[Image-backed grounding data]

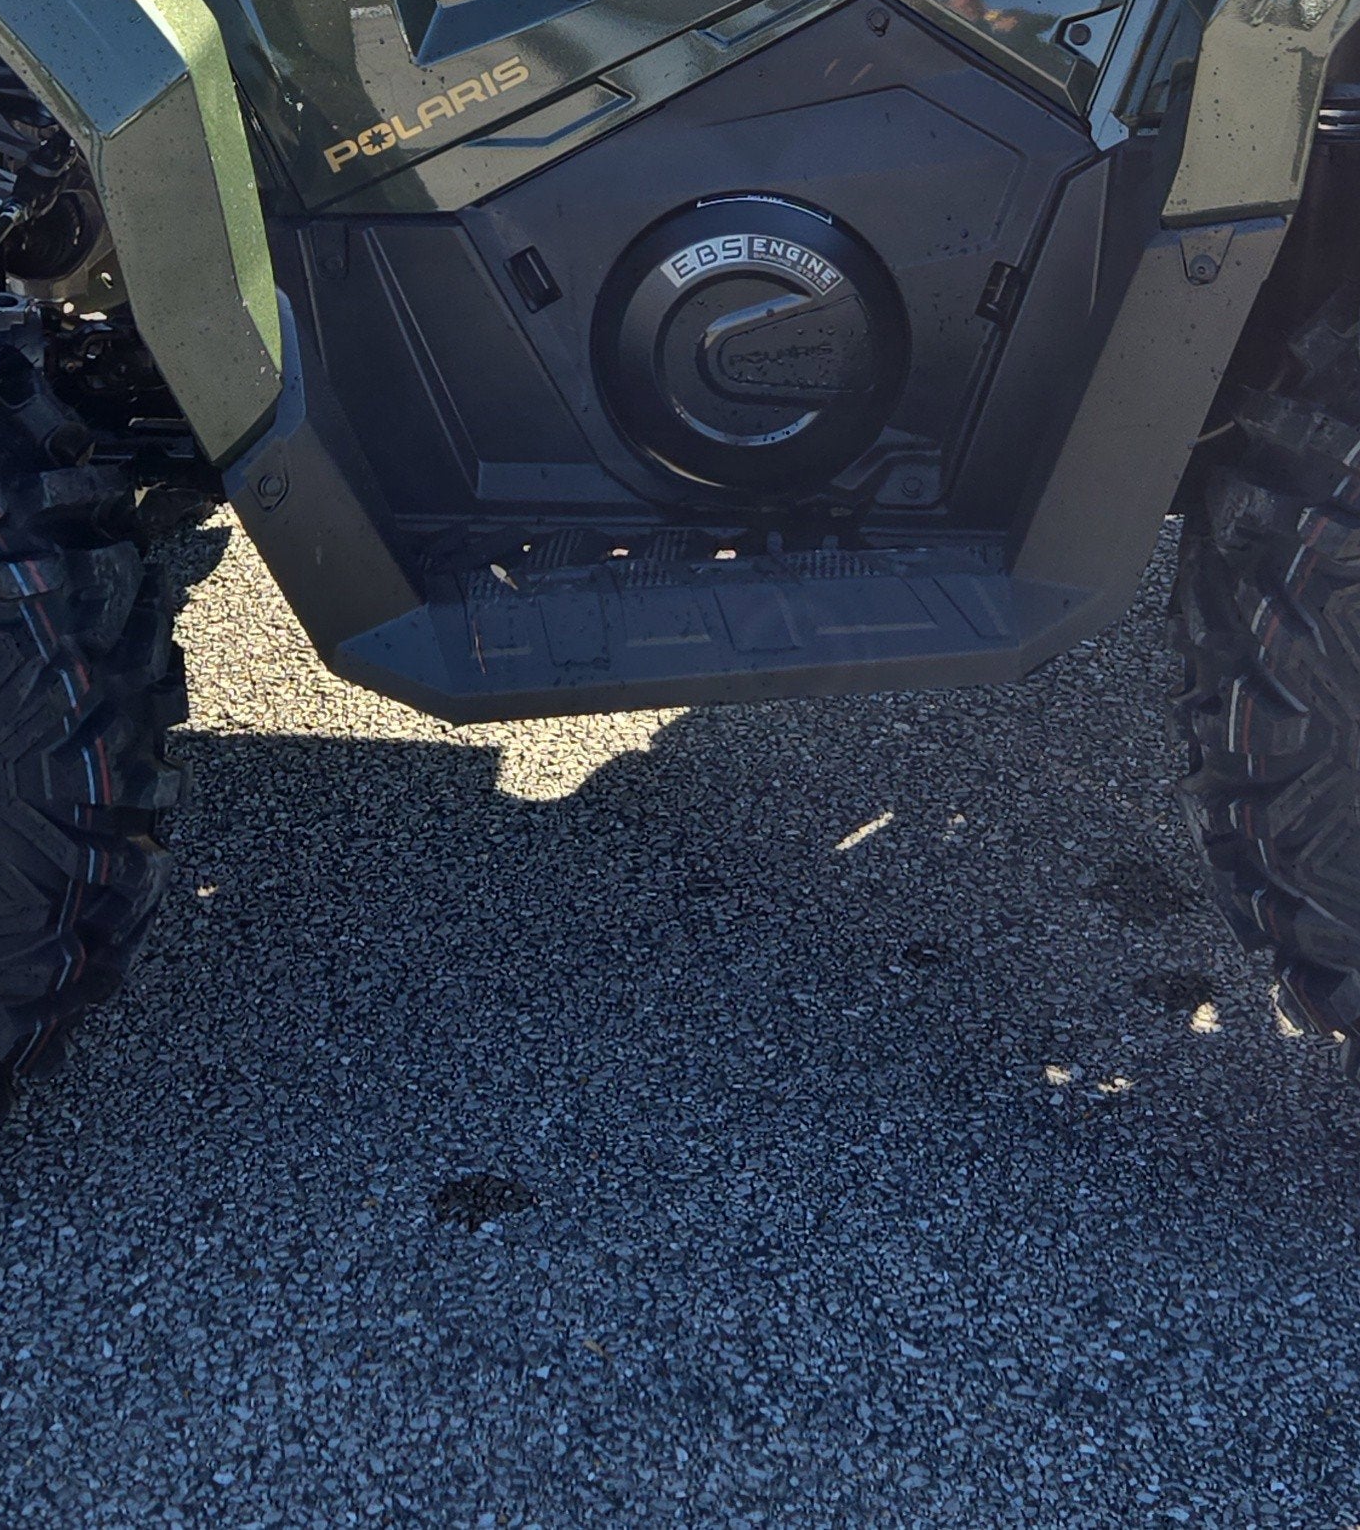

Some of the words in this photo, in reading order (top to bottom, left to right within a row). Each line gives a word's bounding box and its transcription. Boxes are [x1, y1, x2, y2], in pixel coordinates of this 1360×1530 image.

[323, 56, 530, 173] POLARIS
[671, 238, 743, 280] EBS
[753, 239, 838, 285] ENGINE
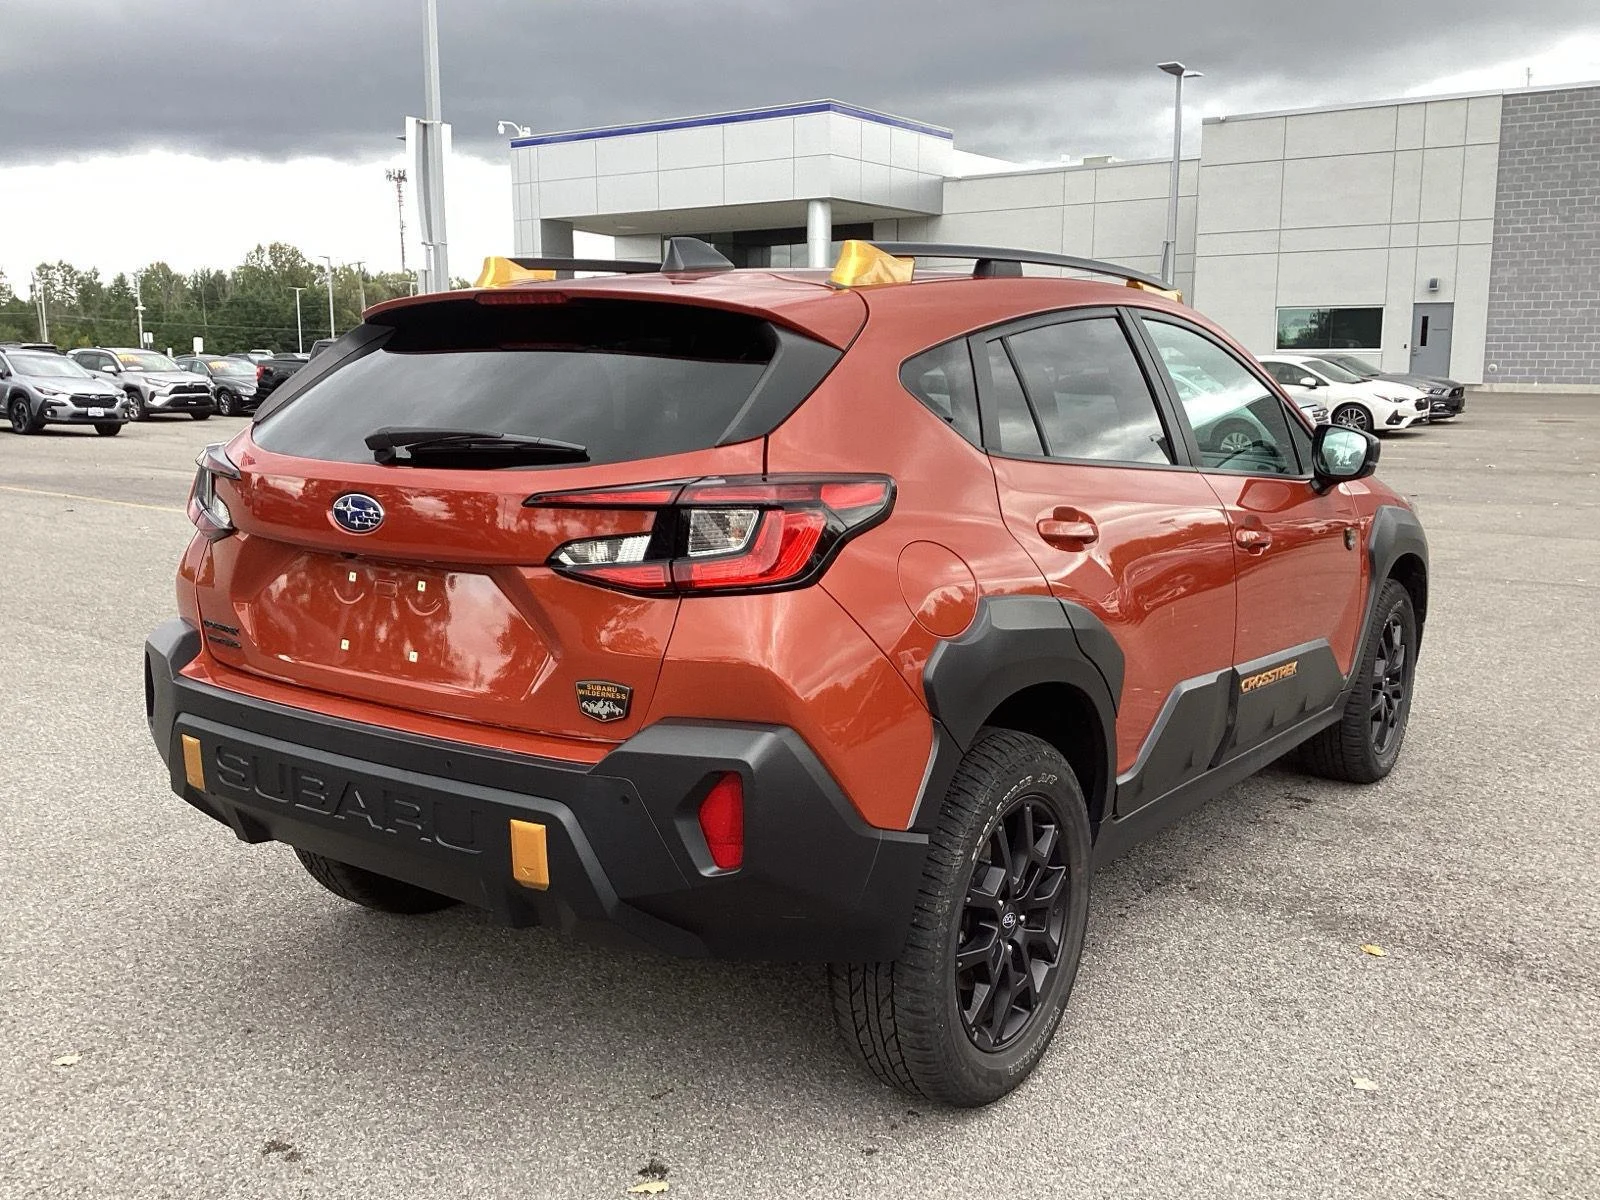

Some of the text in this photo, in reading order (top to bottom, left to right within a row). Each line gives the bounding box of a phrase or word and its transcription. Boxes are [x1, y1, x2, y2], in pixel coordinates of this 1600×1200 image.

[1241, 660, 1299, 693] CROSSTREK
[578, 688, 627, 700] WILDERNESS
[586, 683, 618, 693] SUBARU
[215, 746, 483, 854] SUBARU
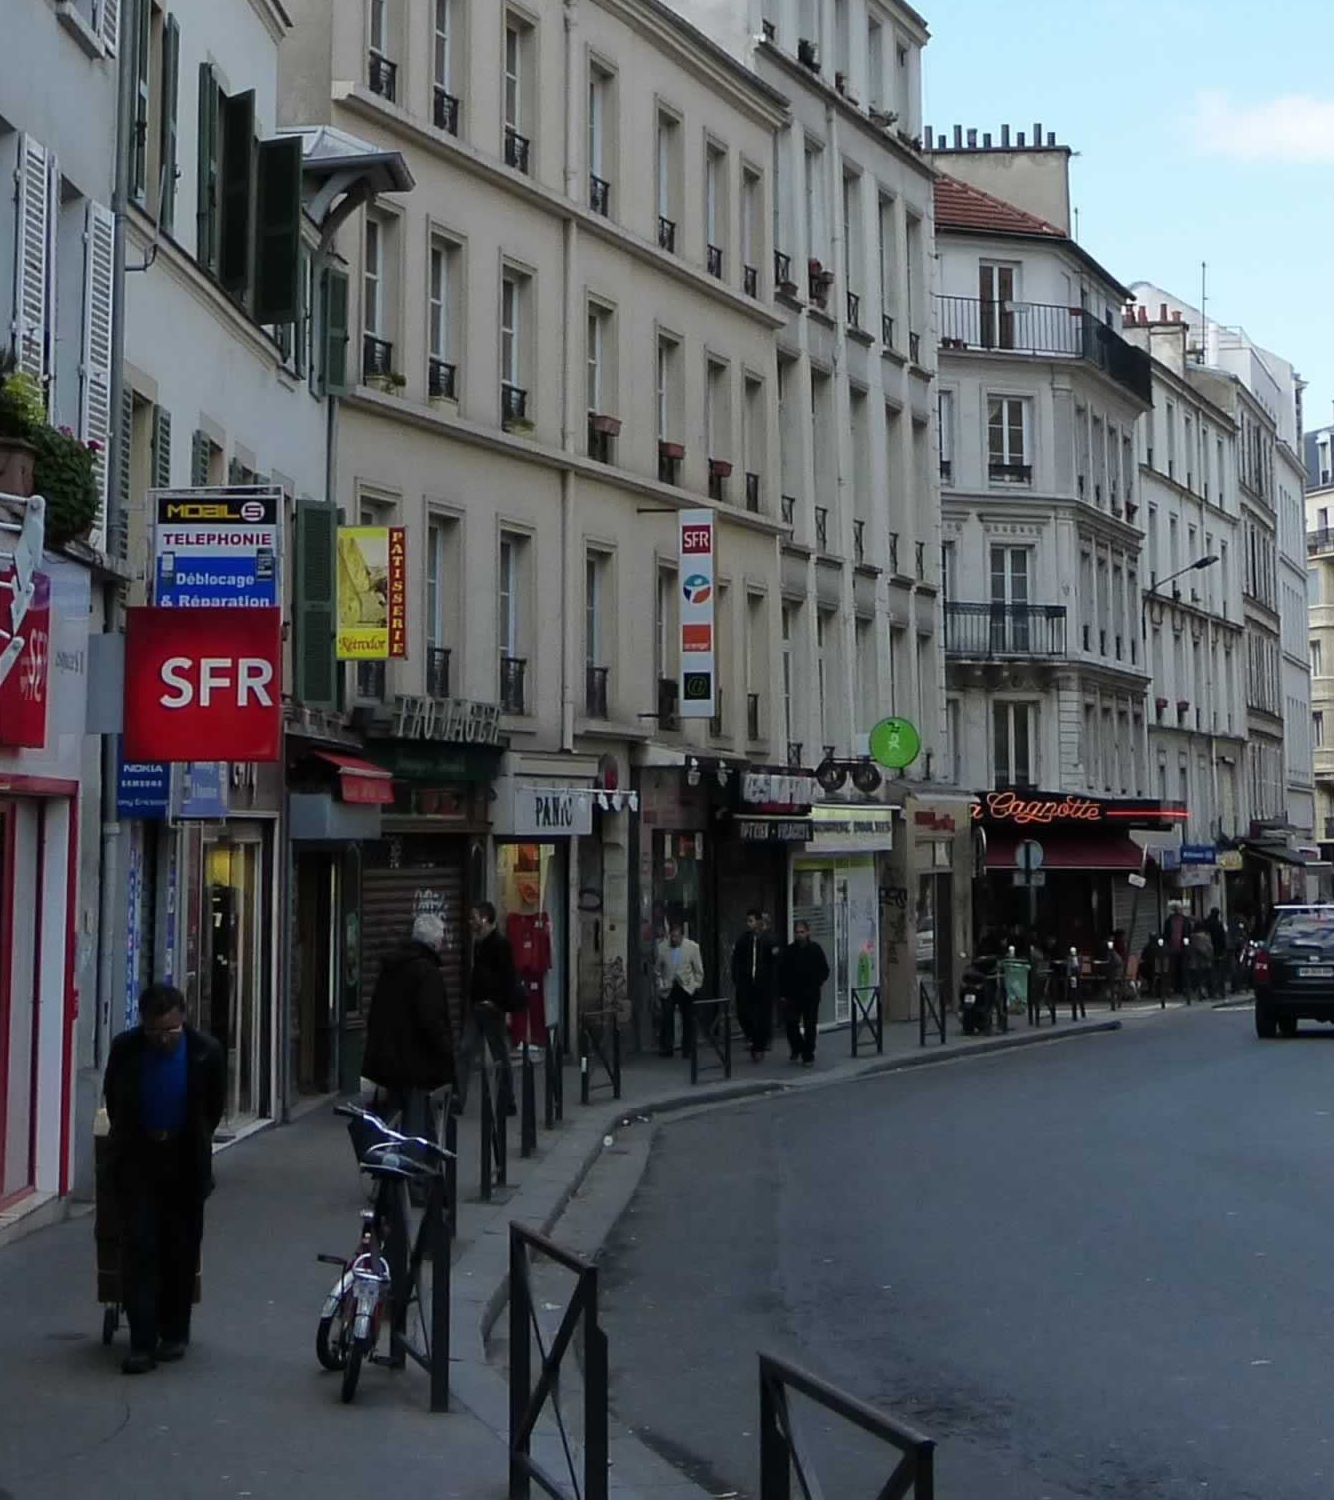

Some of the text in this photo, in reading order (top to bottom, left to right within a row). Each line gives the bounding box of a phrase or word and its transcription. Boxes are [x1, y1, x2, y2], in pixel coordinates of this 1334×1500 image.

[163, 533, 272, 546] TELEPHONIE
[683, 531, 710, 549] SFR
[175, 571, 255, 589] Déblocage
[160, 594, 270, 607] & Réparation
[391, 531, 405, 654] PATISSERIE
[159, 656, 274, 708] SFR
[122, 763, 164, 773] NOKIA
[986, 791, 1102, 824] Cagnotte
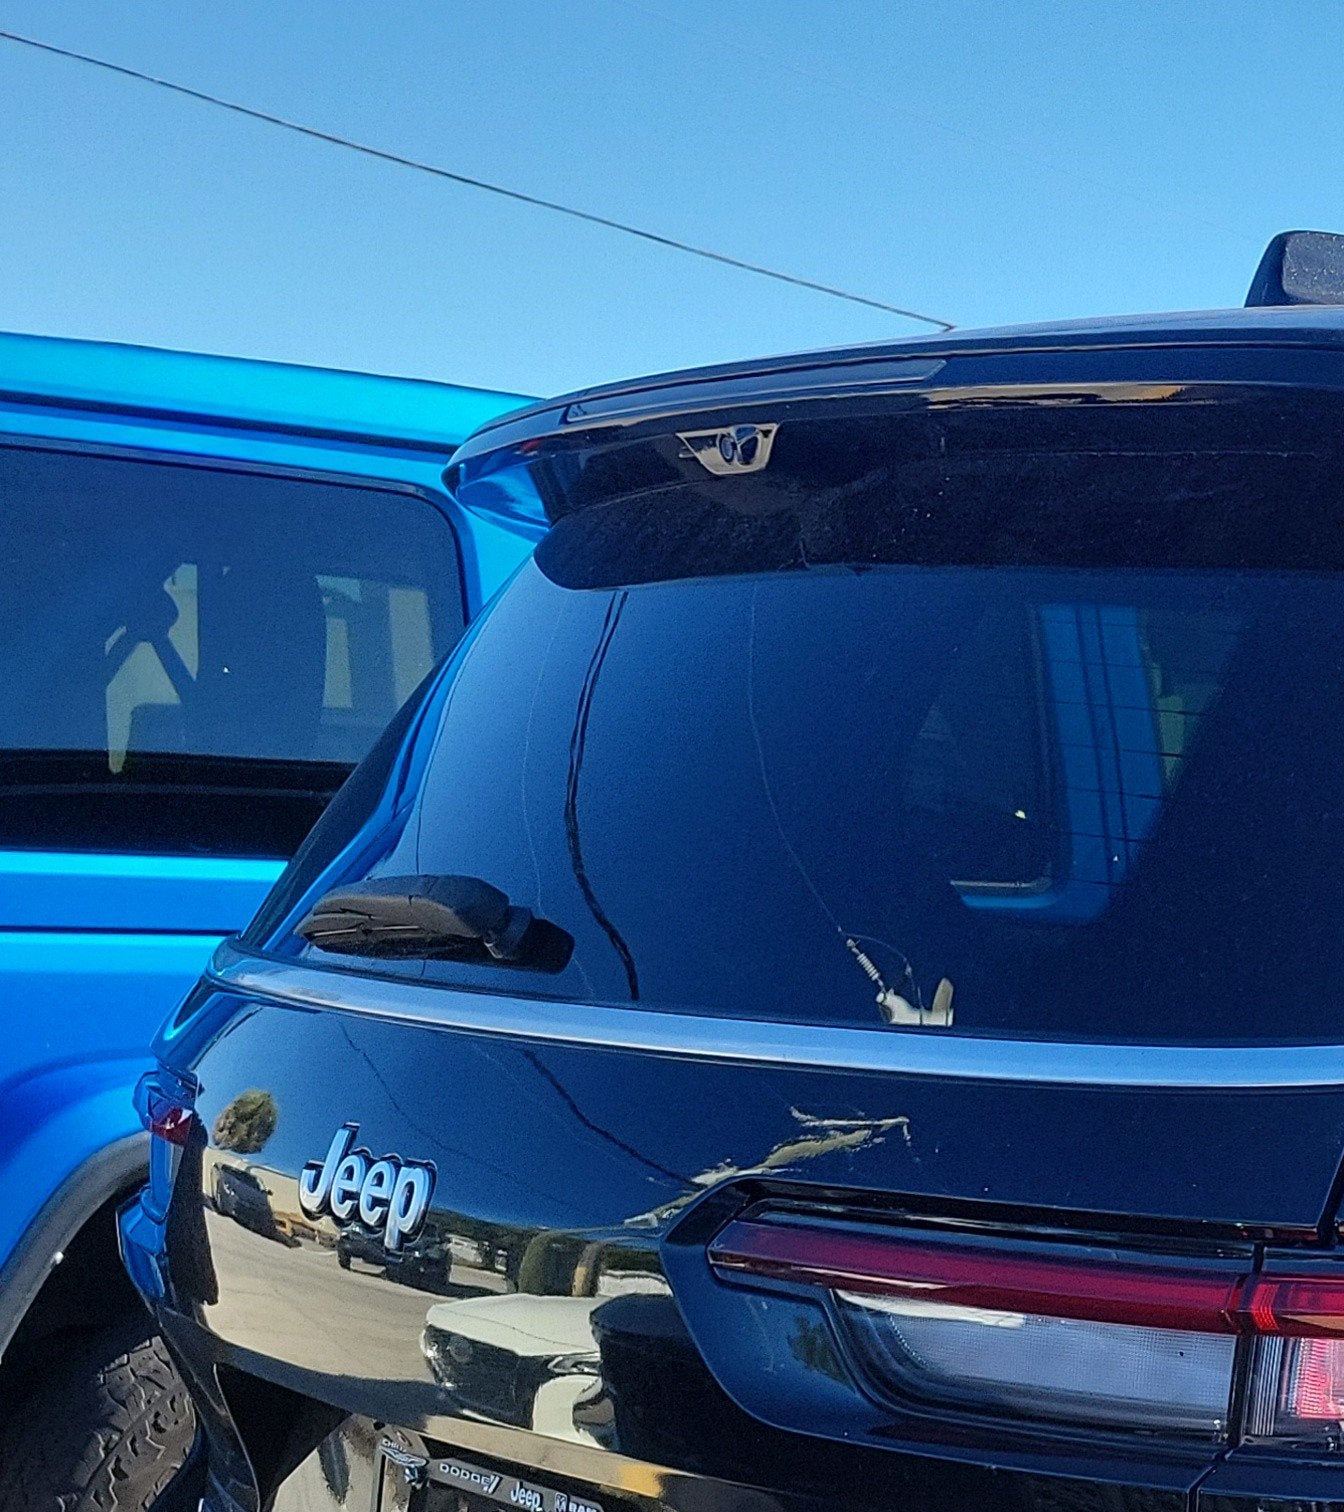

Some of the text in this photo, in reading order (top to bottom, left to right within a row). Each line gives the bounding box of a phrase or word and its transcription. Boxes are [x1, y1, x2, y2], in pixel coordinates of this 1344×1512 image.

[299, 1122, 437, 1251] Jeep
[439, 1462, 493, 1486] DODGE
[510, 1481, 541, 1510] Jeep
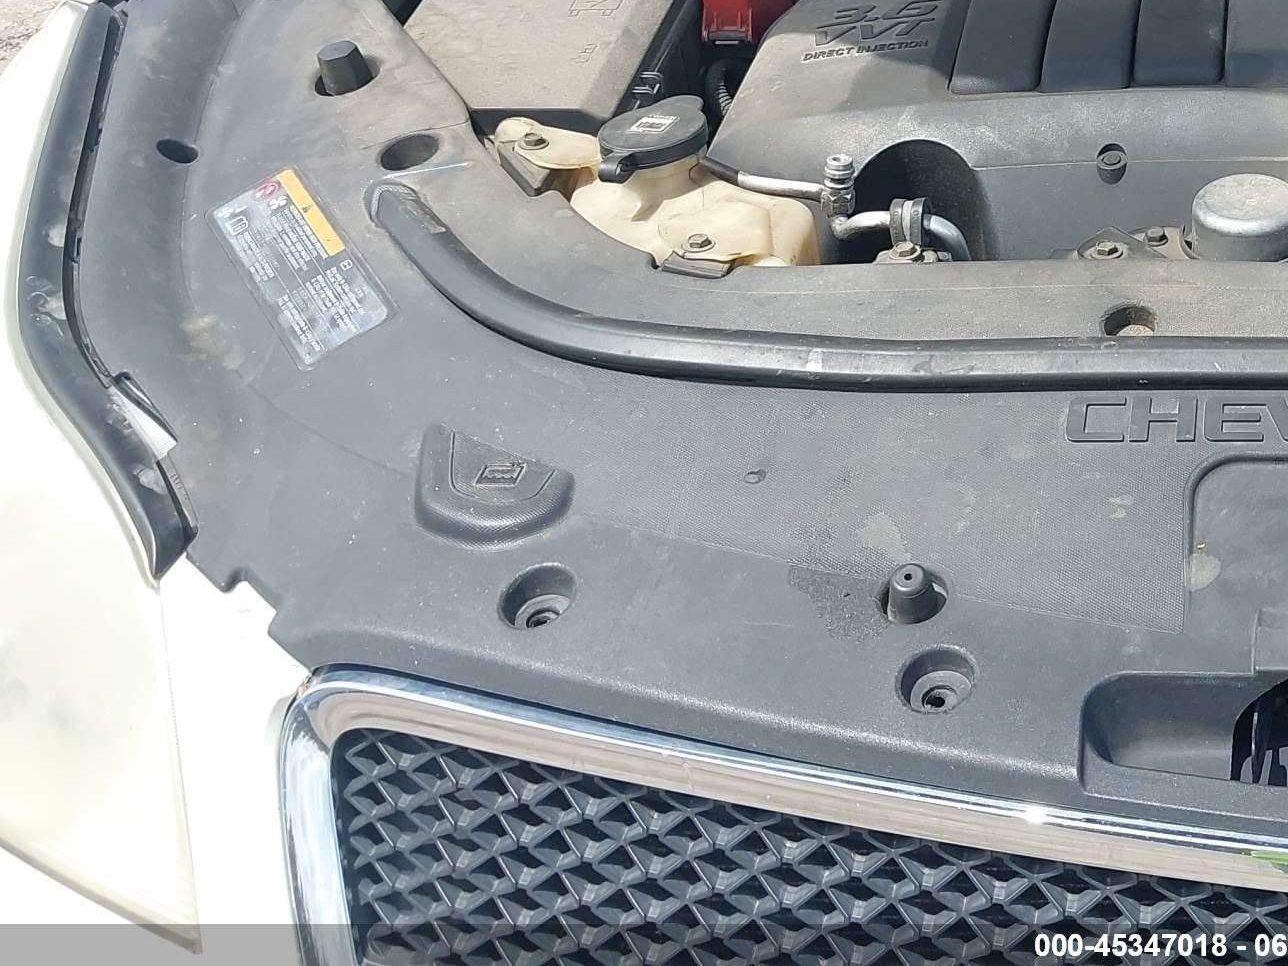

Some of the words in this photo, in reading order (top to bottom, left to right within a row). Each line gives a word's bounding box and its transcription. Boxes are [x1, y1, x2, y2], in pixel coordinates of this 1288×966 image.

▶ _Task statement_
Leaving every picture out, output the data exactly as it stands.

▶ _Result_
Some of the words in this photo, in reading order (top to bottom, left to right within a row). Each line gives a word's bounding box and its transcription. Boxes are [x1, y1, x2, y2], in pixel coordinates of this 1360×1530 image.

[323, 56, 530, 173] POLARIS
[671, 238, 743, 280] EBS
[753, 239, 838, 285] ENGINE

Some of the text in this photo, in reading order (top to bottom, left to right within a row). Each line gives the bounding box of a phrase or word and its transcription. Boxes are [x1, y1, x2, y2], in pixel coordinates of this 1600×1200 image.

[1241, 660, 1299, 693] CROSSTREK
[578, 688, 627, 700] WILDERNESS
[586, 683, 618, 693] SUBARU
[215, 746, 483, 854] SUBARU

Some of the text in this photo, in reading order (top to bottom, left to right within a row). Each line gives the bounding box of a phrase or word and its transcription. Boxes are [x1, y1, x2, y2], in pixel coordinates of this 1334×1500 image.

[163, 533, 272, 546] TELEPHONIE
[683, 531, 710, 549] SFR
[175, 571, 255, 589] Déblocage
[160, 594, 270, 607] & Réparation
[391, 531, 405, 654] PATISSERIE
[159, 656, 274, 708] SFR
[122, 763, 164, 773] NOKIA
[986, 791, 1102, 824] Cagnotte

Some of the text in this photo, in reading order (top to bottom, left to right within a row). Each line gives the bounding box of a phrase or word and its transcription. Boxes are [x1, y1, x2, y2], in pixel coordinates of this 1344×1512 image.

[299, 1122, 437, 1251] Jeep
[439, 1462, 493, 1486] DODGE
[510, 1481, 541, 1510] Jeep

Some of the words in this photo, in reading order (top to bottom, left to right within a row). Each line gives a word's bounding box and its transcription. Boxes are [x1, y1, x2, y2], in pixel coordinates of this 1288×966 image.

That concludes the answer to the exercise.